Furthermore, to protect the trainable copy being damaged by harmful noise at the beginning of training, authors use zero convolution layers to connect the trainable copy with the frozen original T2I model.
2. ControlNet
2.1. Approach overview
- Goal: conditional image generation in-the-wild via fine-tuning pre-trained T2I model
- Core method: freeze pre-trained T2I model + trainable copy of T2I model + zero convolution
- Inference techniques: classifier-free guidance resolution weighting, composing multiple ControlNets
2.2. Zero convolution
- Gradient calculation for zero convolution
Although zero convolution can cause the gradient on the feature term to become zero, the gradients for the weight and bias are not influenced.
Weight and bias will be optimized into a non-zero matrix in the first gradient descent iteration.
2.3. Classifier-free guidance resolution weighting (CFG-RW)
How can we apply classifier-free guidance (CFG) in ControlNet?
Multiply a weight to each connection between Stable Diffusion and ControlNet according to the resolution of each block.
(\(w_i = 64 / h_i\) where \(h_i\) is the size of i-th block, e.g. \(h_1 = 8, h_2 = 16, \cdots, h_{13} = 64\))
2.4. Composing multiple ControlNets
To apply multiple conditioning images to a single instance of Stable Diffusion, directly add the outputs of the corresponding ControlNets to the Stable Diffusion model.

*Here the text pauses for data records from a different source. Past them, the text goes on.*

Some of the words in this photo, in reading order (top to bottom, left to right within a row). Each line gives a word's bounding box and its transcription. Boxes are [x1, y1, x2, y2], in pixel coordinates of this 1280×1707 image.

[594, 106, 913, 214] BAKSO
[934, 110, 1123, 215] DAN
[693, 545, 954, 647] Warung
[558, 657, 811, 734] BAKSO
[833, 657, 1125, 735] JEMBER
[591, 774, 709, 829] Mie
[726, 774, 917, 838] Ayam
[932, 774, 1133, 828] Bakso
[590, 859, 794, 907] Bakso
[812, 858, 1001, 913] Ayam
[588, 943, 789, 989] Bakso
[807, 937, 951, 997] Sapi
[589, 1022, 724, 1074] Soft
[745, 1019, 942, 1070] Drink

(no extra weighting or linear interpolation)
3. Experiments
3.1. Main results
- Tasks
Canny Edge
Hough Line
HED Boundary
User Scribble
Human Pose
Semantic Segmentation
Depth
Normal Maps
Cartoon Line Drawing - Metrics
Quality: FID, CLIP-aes, user study
Fidelity: semantic segmentation label reconstruction, CLIP-T, user study - Implementation details
Convert input conditioning image from an input size of 512 x 512 into a 64 x 64 feature space vector
(train tiny network to encode an image-space condition into a feature space conditining vector)

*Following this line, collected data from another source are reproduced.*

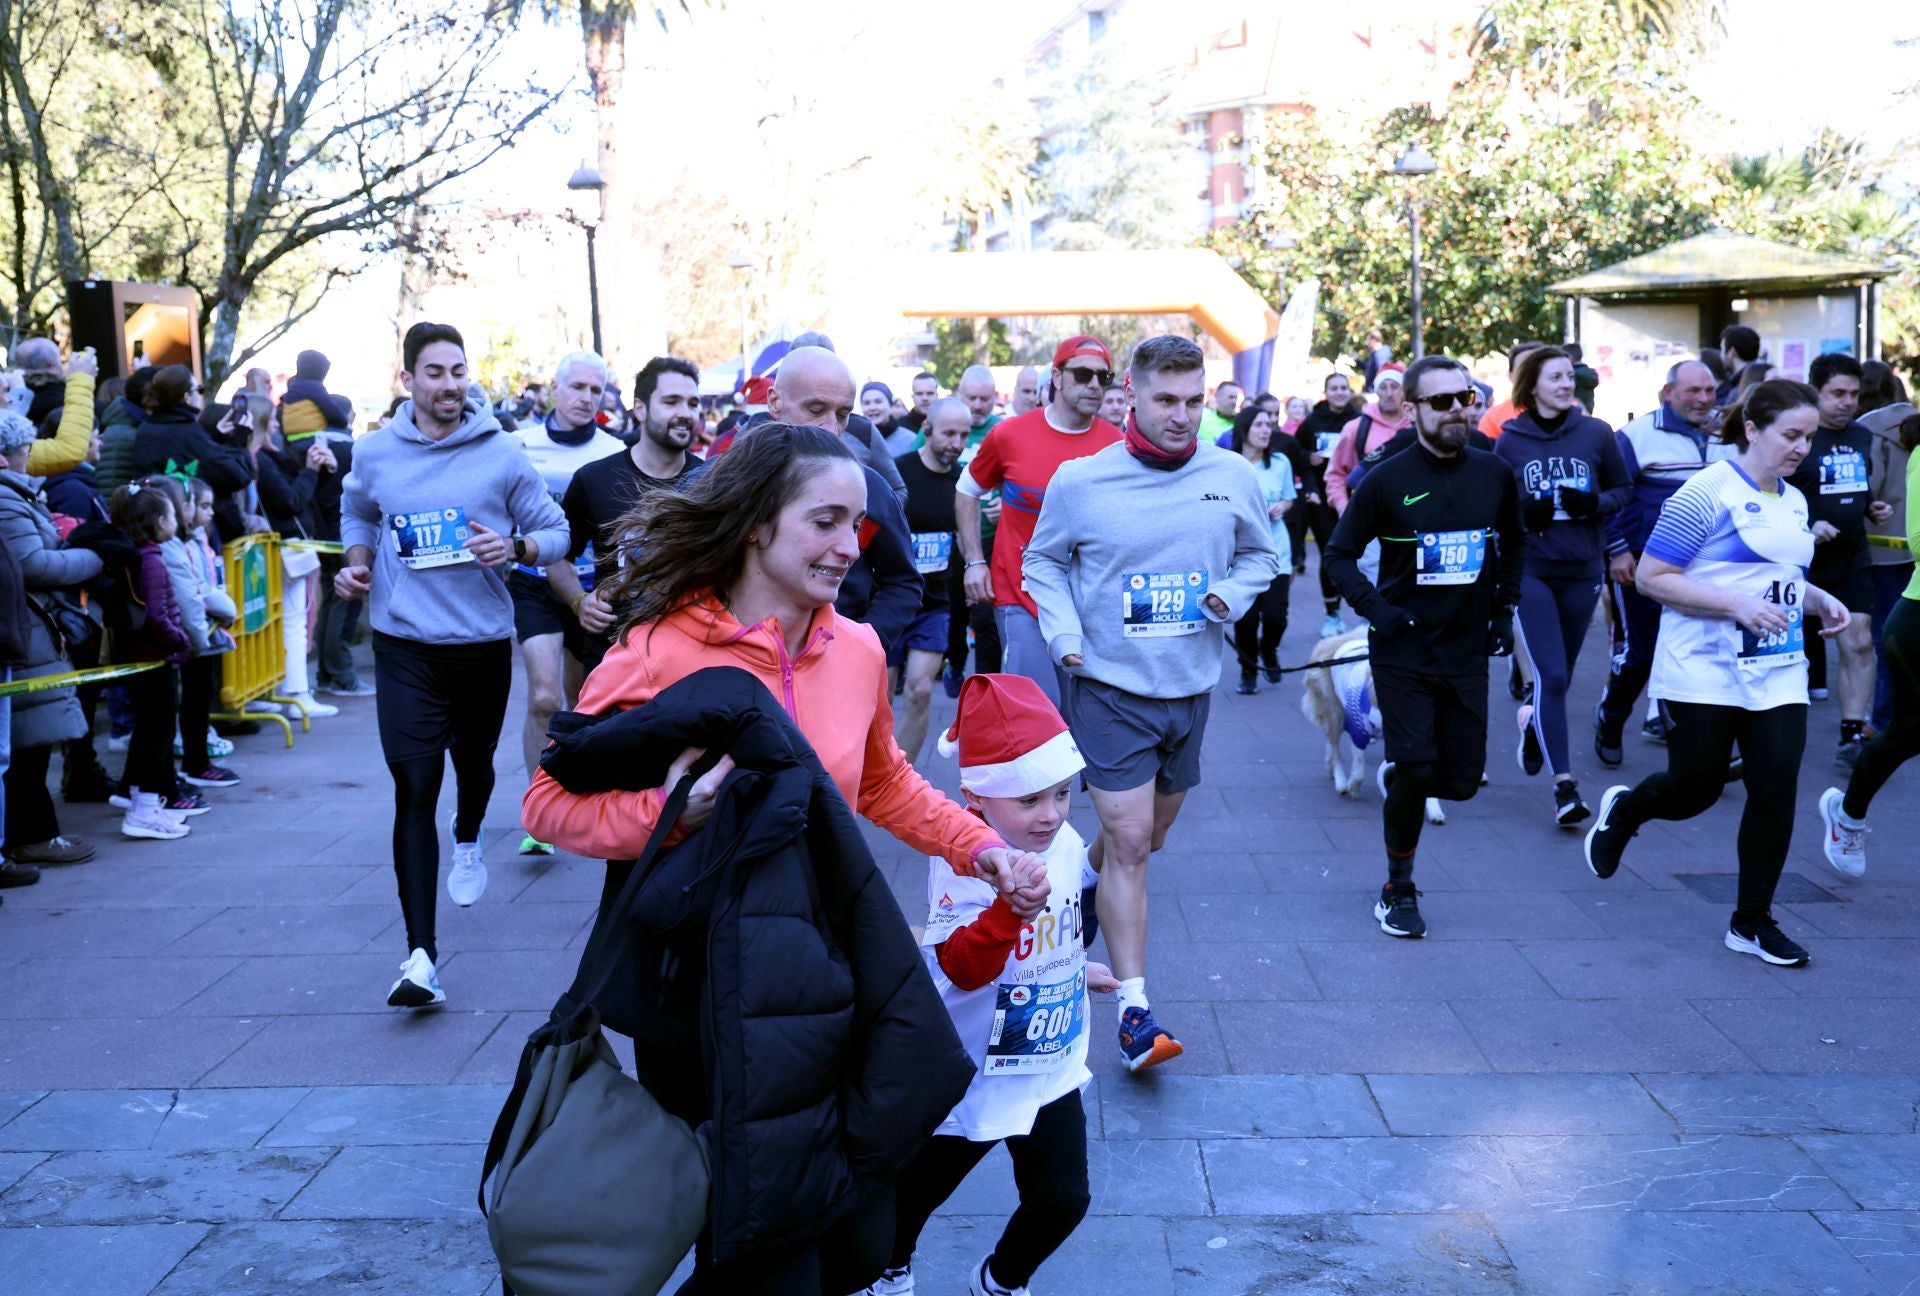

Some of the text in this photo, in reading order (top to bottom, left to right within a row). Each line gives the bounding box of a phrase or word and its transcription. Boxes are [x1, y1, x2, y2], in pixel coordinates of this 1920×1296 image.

[414, 524, 442, 548] 117
[917, 542, 939, 558] 510
[1439, 544, 1468, 566] 150
[1150, 588, 1186, 614] 129
[1152, 613, 1184, 623] MOLLY
[1014, 892, 1084, 962] GRAD
[1014, 957, 1071, 982] Villa Europea
[1026, 1000, 1074, 1041] 606
[1033, 1040, 1063, 1054] ABEL

Randomly replace 50% text prompts with empty strings to increase ControlNet’s ability to directly recognize semantics in the input conditining images as a replacement for the prompt - Ablations
Method (architecture design, CFG-RW)
Training dataset size
Sudden convergence phenomenon
(model does not gradually learn the control conditions but abruptly succeeds in following the input conditioning image)
3.2. Figures
Sudden convergence phenomenon (Figure 21)
CFG-RW (Figure 5)
Composition of multiple conditions (Figure 6)
Stable Diffusion + ControlNet without prompts (Figure 7)
Architecture ablation (Figure 8)
Influence of training dataset size (Figure 22)
3.3. Limitations
- Difficult to remove semantic of input image (
Figure 28
)
When the semantic of input image is mistakenly recognized, the negative effects seem difficult to be eliminated, even if a strong prompt is provided.